INFORMATION PROVIDED:
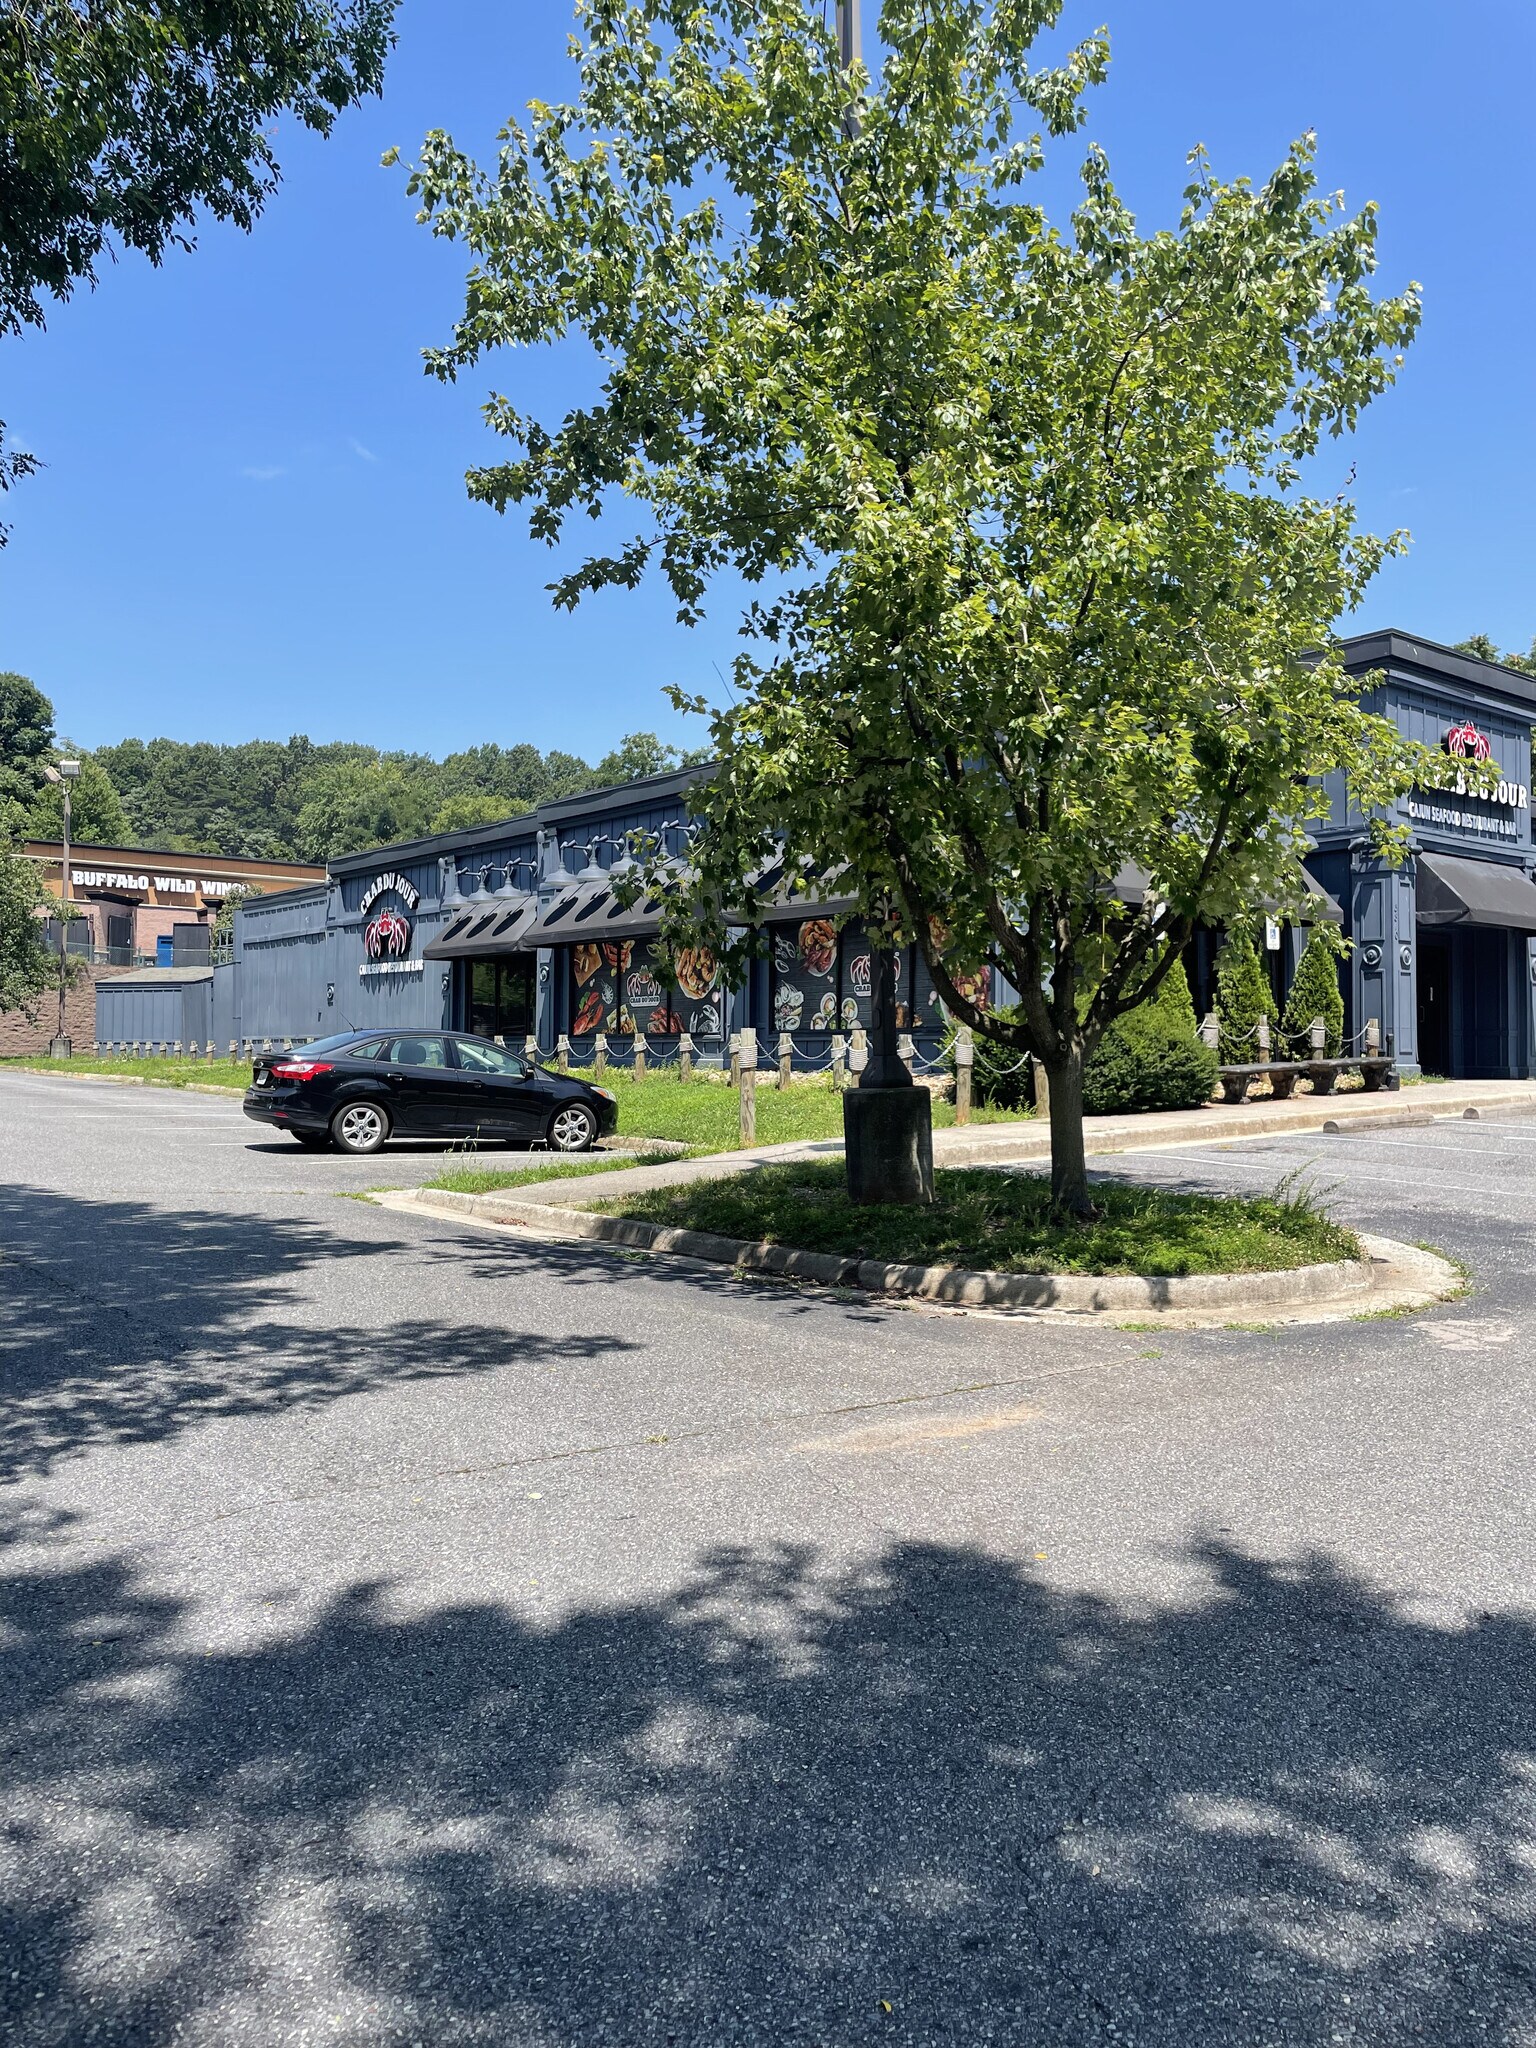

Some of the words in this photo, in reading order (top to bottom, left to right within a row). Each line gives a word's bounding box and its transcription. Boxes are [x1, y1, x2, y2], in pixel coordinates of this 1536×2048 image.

[1491, 779, 1528, 809] JOUR
[1408, 801, 1431, 821] CAJUN
[1431, 805, 1460, 827] SEAFOOD
[1461, 812, 1499, 833] RESTAURANT
[72, 870, 149, 890] BUFFALO
[154, 876, 196, 893] WILD
[360, 876, 383, 915] CRAB
[383, 872, 395, 890] DU
[395, 874, 419, 909] JOUR

WHAT TO WORK ON:
The entries should be printed again exactly as written, leaving all pictures out.

YOUR RESPONSE:
Some of the words in this photo, in reading order (top to bottom, left to right within a row). Each line gives a word's bounding box and its transcription. Boxes are [x1, y1, x2, y2], in pixel coordinates of this 1536×2048 image.

[1491, 779, 1528, 809] JOUR
[1408, 801, 1431, 821] CAJUN
[1431, 805, 1460, 827] SEAFOOD
[1461, 812, 1499, 833] RESTAURANT
[72, 870, 149, 890] BUFFALO
[154, 876, 196, 893] WILD
[360, 876, 383, 915] CRAB
[383, 872, 395, 890] DU
[395, 874, 419, 909] JOUR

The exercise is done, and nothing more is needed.